Fighting COCK O' THE WALK arrives in town, the star of his own conceited parade, and proceeds to win the hearts of all the biddies. He latches onto fickle Prunella Pullet, who acquiesces completely to his charms - much to the chagrin of her skinny boyfriend, Hick Rooster...

This is a very colorful & entertaining cartoon. Its highlight is a wild spoof of Hollywood dance musicals, from Rogers/Astaire (complete with "The Carioca") to a terpsichorean extravaganza even Busby Berkeley would be proud of.

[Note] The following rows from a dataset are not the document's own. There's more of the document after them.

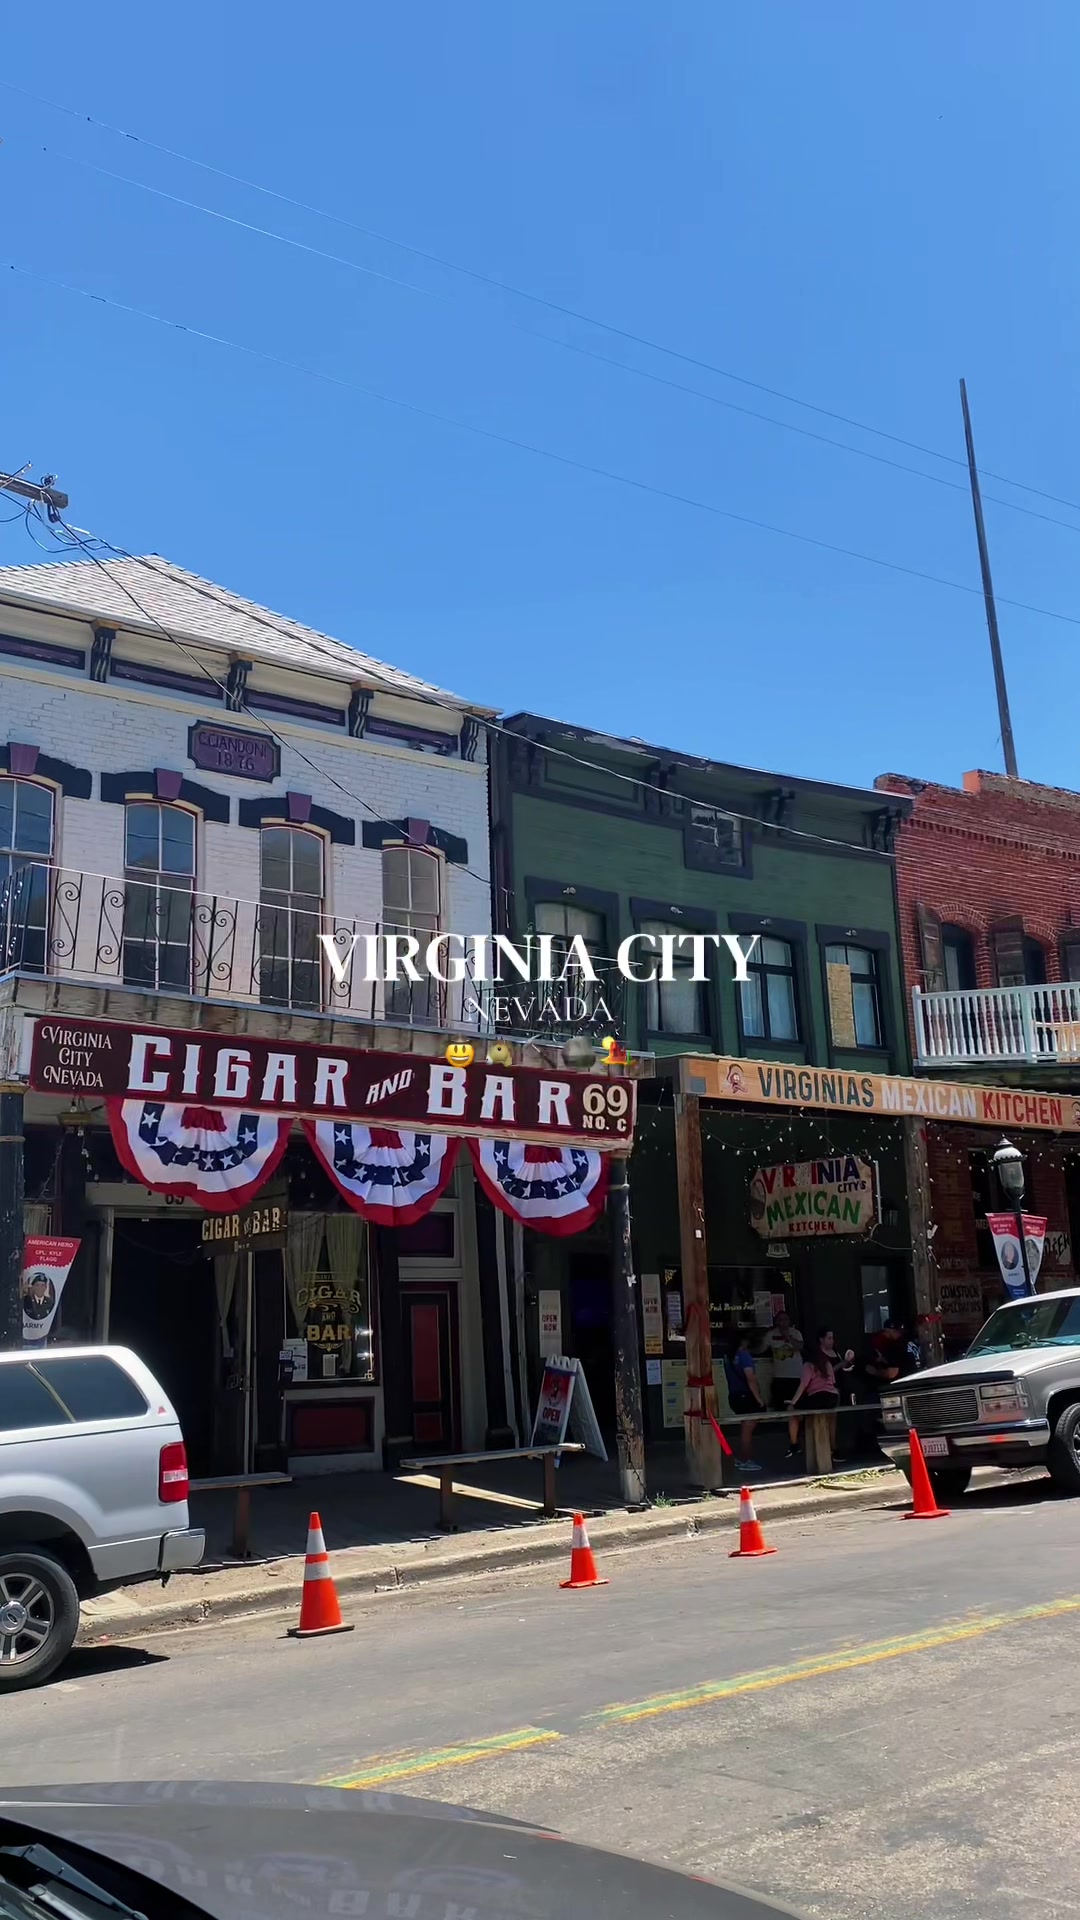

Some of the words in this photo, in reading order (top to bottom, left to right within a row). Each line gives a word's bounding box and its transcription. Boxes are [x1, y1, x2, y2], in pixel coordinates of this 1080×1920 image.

[41, 1025, 112, 1050] VIRGINIA
[59, 1047, 93, 1068] CITY
[43, 1065, 105, 1088] NEVADA
[127, 1033, 350, 1108] CIGAR
[365, 1068, 414, 1105] AND
[426, 1063, 572, 1127] BAR
[582, 1083, 629, 1117] 69
[757, 1066, 875, 1108] VIRGINIAS
[880, 1080, 978, 1119] MEXICAN
[981, 1090, 1064, 1126] KITCHEN
[582, 1114, 610, 1131] NO.
[616, 1118, 628, 1133] C
[761, 1157, 861, 1195] VRINIA
[766, 1190, 861, 1230] MEXICAN
[201, 1214, 240, 1241] CIGAR
[252, 1207, 281, 1235] BAR
[788, 1220, 835, 1233] KITCHEN
[27, 1239, 57, 1247] AMERICAN
[57, 1240, 74, 1249] HERO
[296, 1284, 362, 1308] CIGAR
[541, 1314, 558, 1322] OPEN
[306, 1324, 353, 1341] BAR
[543, 1407, 561, 1422] OPEN
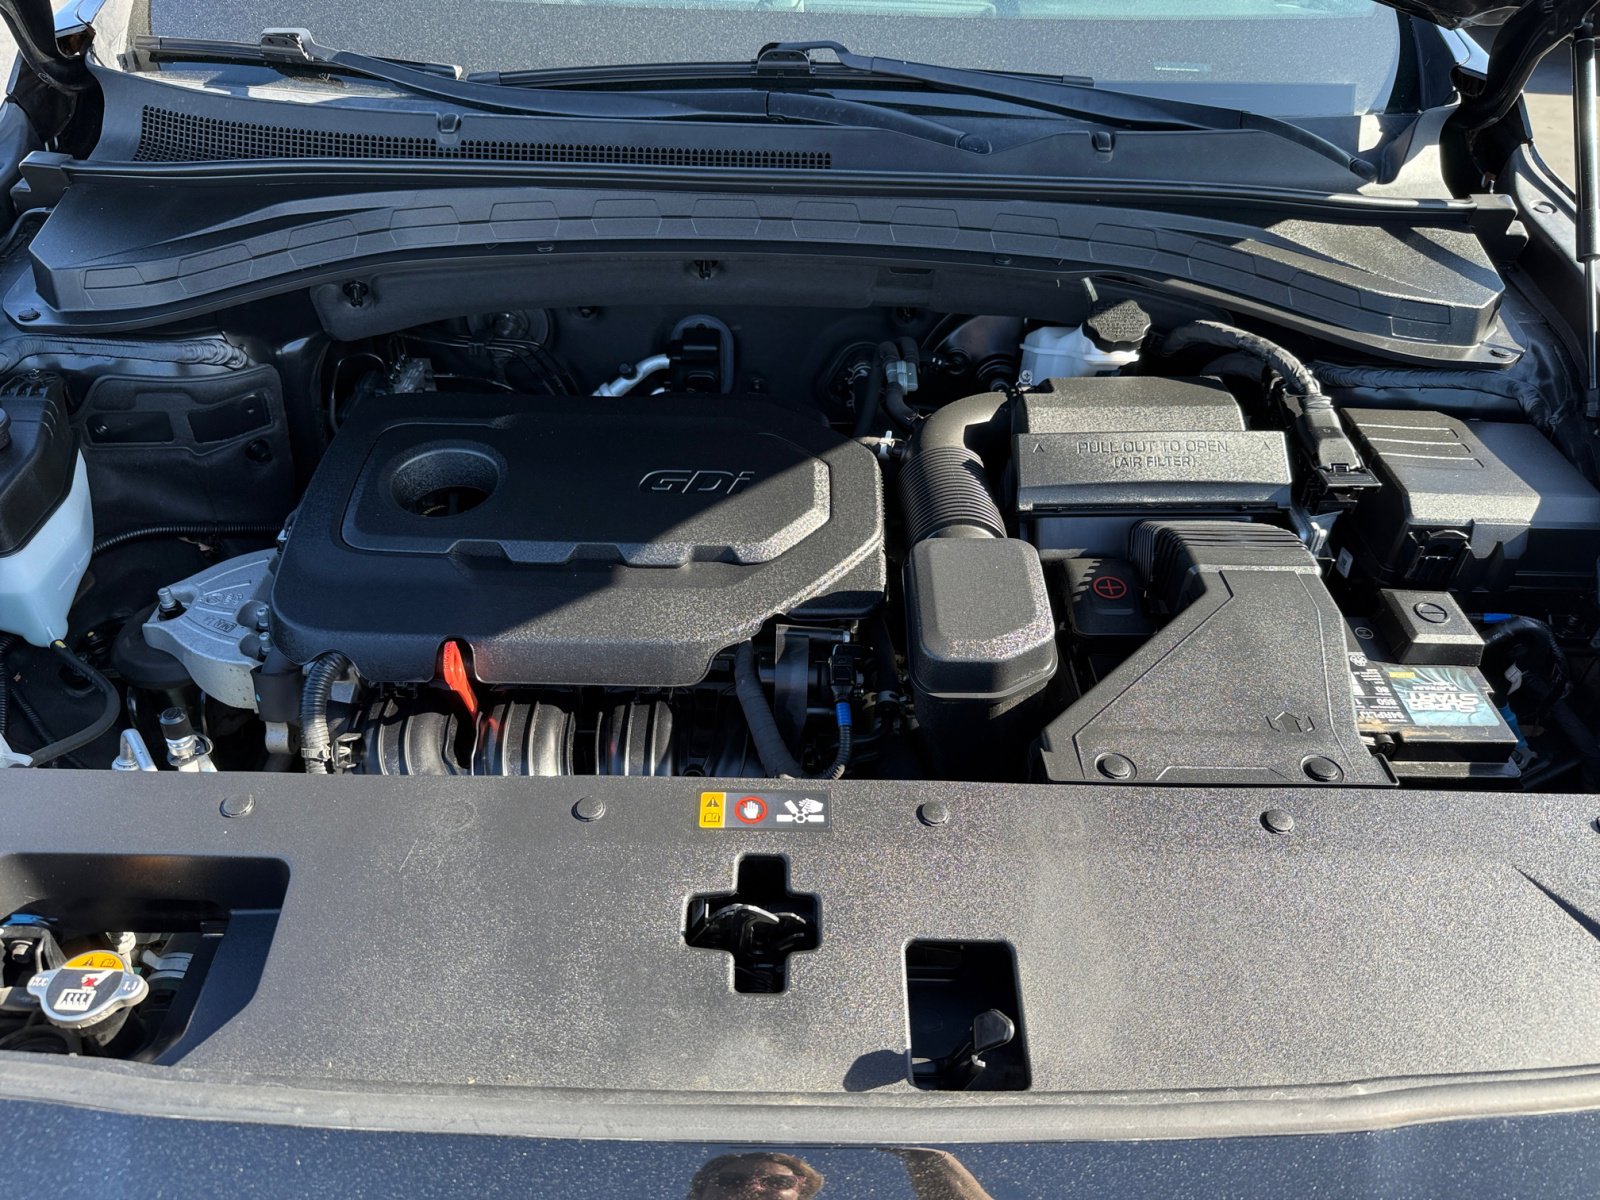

The SILLY SYMPHONIES, which Walt Disney produced for a ten year period beginning in 1929, are among the most interesting of series in the field of animation. Unlike the Mickey Mouse cartoons in which action was paramount, with the Symphonies the action was made to fit the music. There was little plot in the early Symphonies, which featured lively inanimate objects and anthropomorphic plants & animals, all moving frantically to the soundtrack. Gradually, however, the Symphonies became the school where Walt's animators learned to work with color and began to experiment with plot, characterization & photographic special effects. The pages of Fable & Fairy Tale, Myth & Mother Goose were all mined to provide story lines and even Hollywood's musicals & celebrities were effectively spoofed. It was from this rich soil that Disney's feature-length animation was to spring. In 1939, with SNOW WHITE successfully behind him and PINOCCHIO & FANTASIA on the near horizon, Walt phased out the SILLY SYMPHONIES; they had run their course & served their purpose.